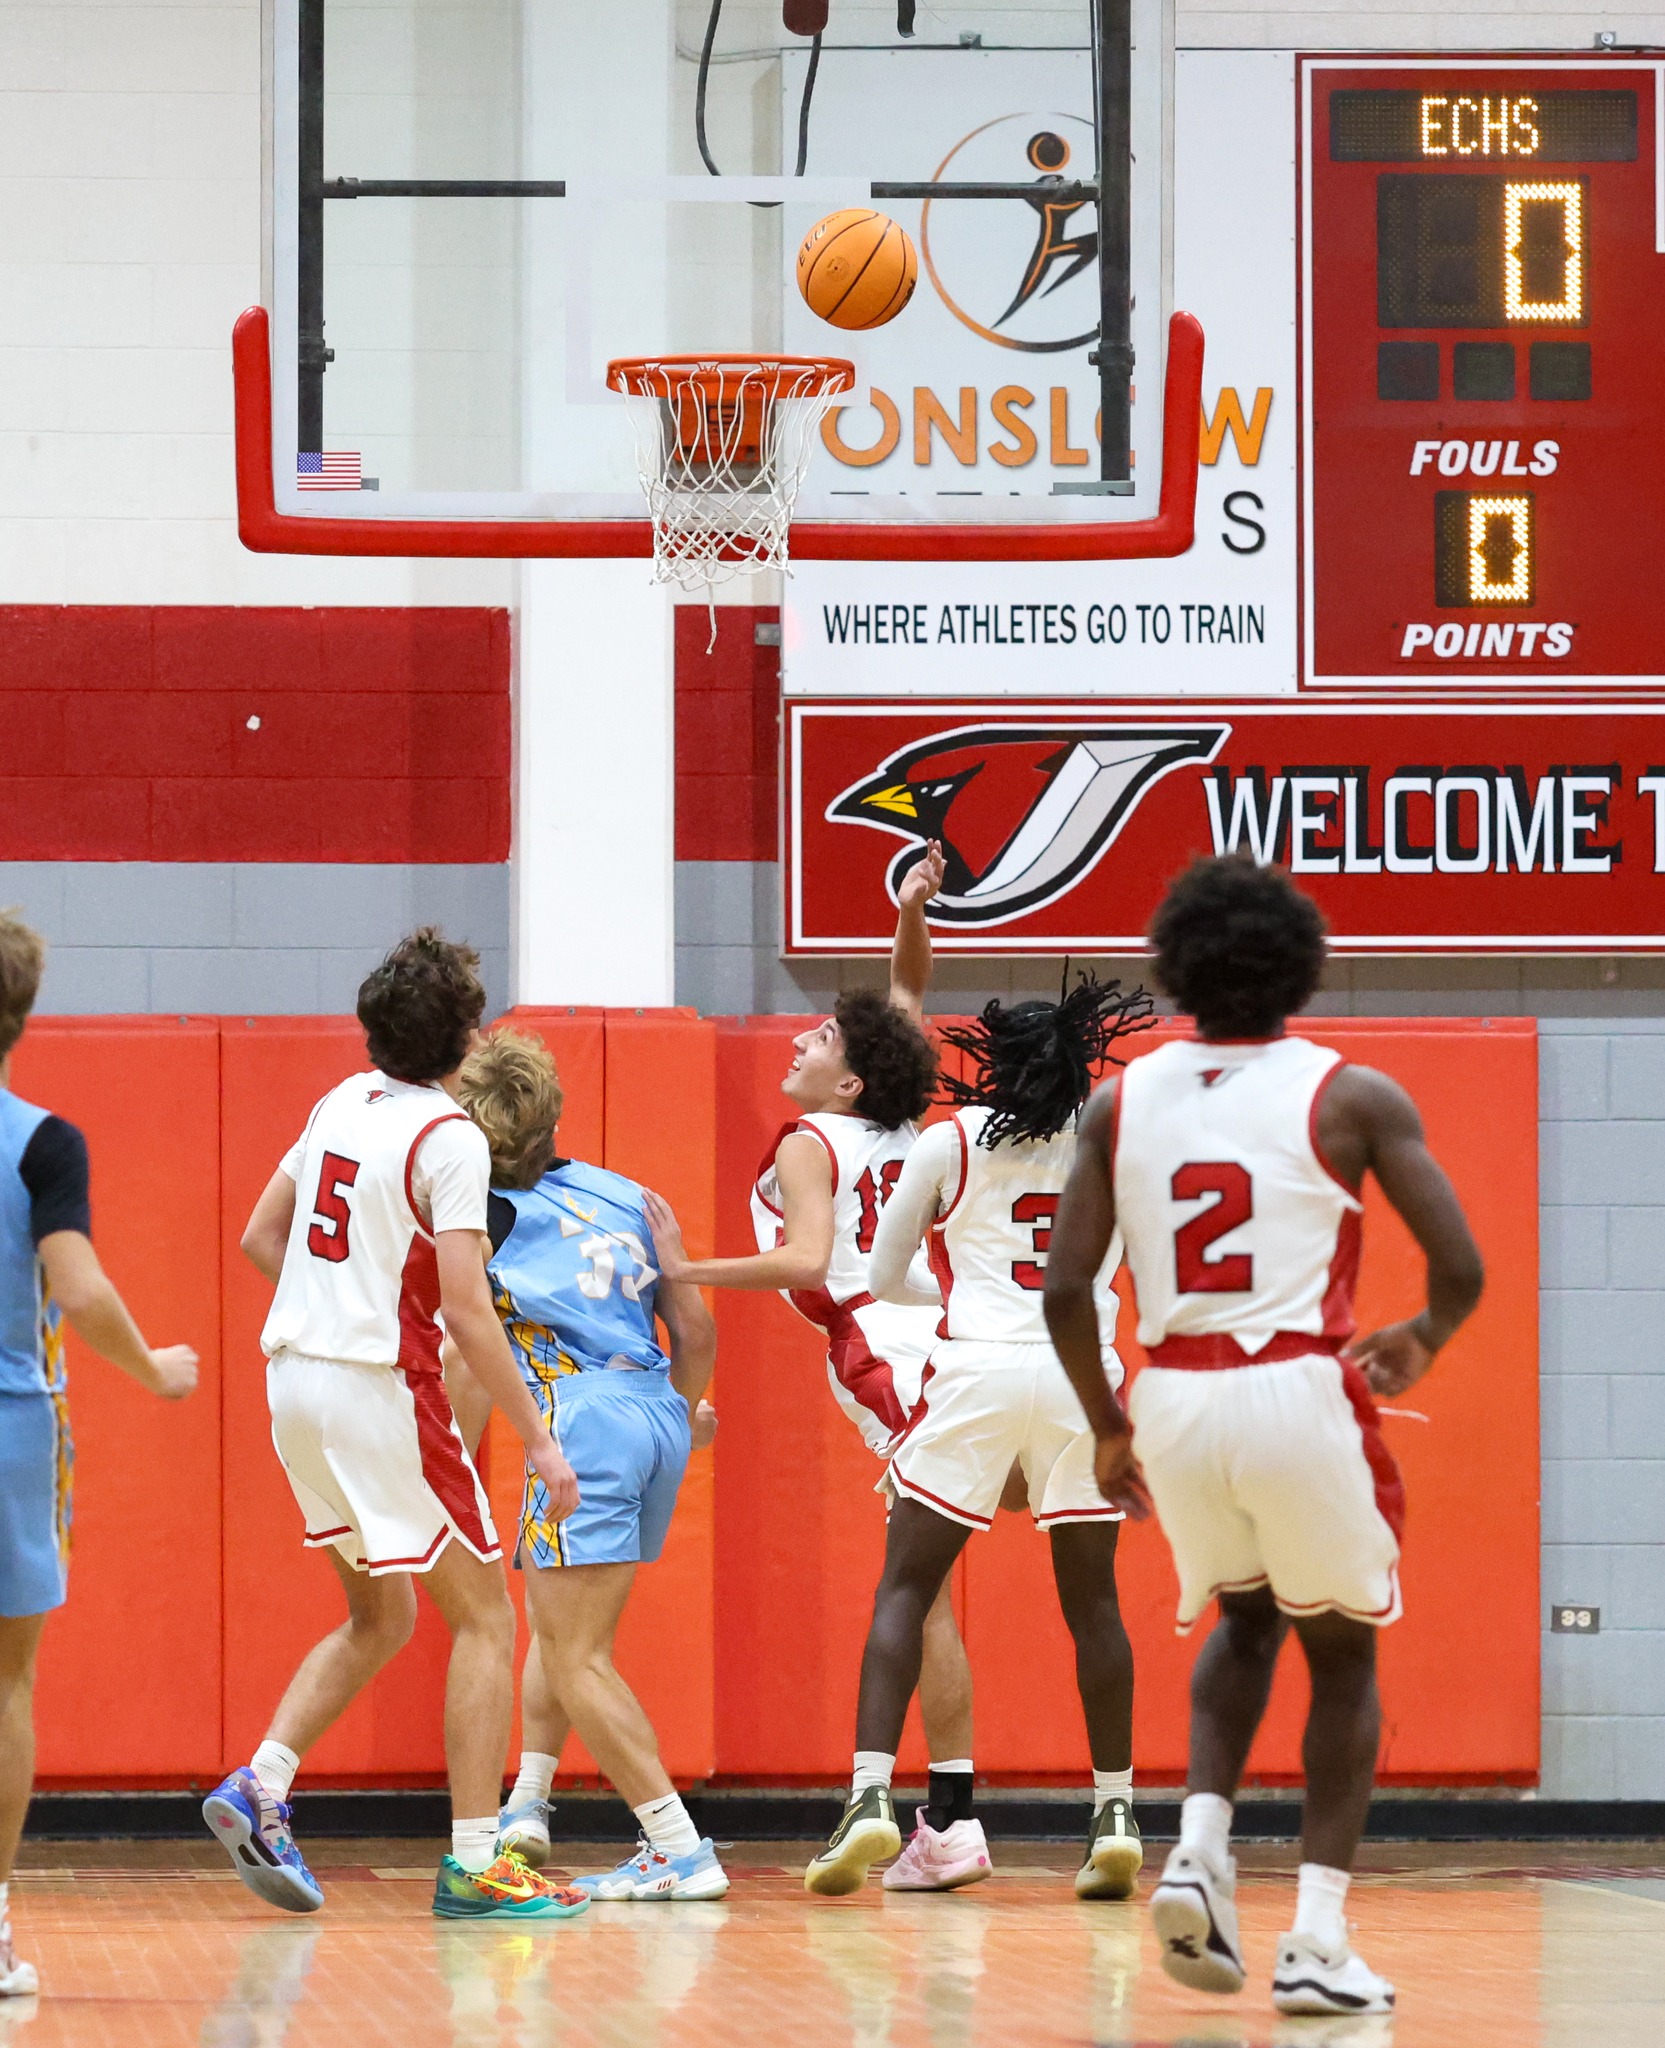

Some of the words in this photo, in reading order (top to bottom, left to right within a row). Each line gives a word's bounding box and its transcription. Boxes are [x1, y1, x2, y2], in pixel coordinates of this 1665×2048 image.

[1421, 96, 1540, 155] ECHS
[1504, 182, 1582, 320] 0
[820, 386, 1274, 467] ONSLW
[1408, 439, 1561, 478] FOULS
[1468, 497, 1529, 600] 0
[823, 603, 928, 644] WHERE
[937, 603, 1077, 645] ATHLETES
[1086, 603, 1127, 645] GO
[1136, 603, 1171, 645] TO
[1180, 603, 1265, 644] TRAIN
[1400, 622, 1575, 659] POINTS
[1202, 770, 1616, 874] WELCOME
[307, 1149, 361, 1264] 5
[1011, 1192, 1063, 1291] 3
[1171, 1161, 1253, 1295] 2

• **What this task involves**
Transcribe everything above exactly. Do not include the pictures.

• **Output for this exercise**
Some of the words in this photo, in reading order (top to bottom, left to right within a row). Each line gives a word's bounding box and its transcription. Boxes are [x1, y1, x2, y2], in pixel coordinates of this 1665×2048 image.

[1421, 96, 1540, 155] ECHS
[1504, 182, 1582, 320] 0
[820, 386, 1274, 467] ONSLW
[1408, 439, 1561, 478] FOULS
[1468, 497, 1529, 600] 0
[823, 603, 928, 644] WHERE
[937, 603, 1077, 645] ATHLETES
[1086, 603, 1127, 645] GO
[1136, 603, 1171, 645] TO
[1180, 603, 1265, 644] TRAIN
[1400, 622, 1575, 659] POINTS
[1202, 770, 1616, 874] WELCOME
[307, 1149, 361, 1264] 5
[1011, 1192, 1063, 1291] 3
[1171, 1161, 1253, 1295] 2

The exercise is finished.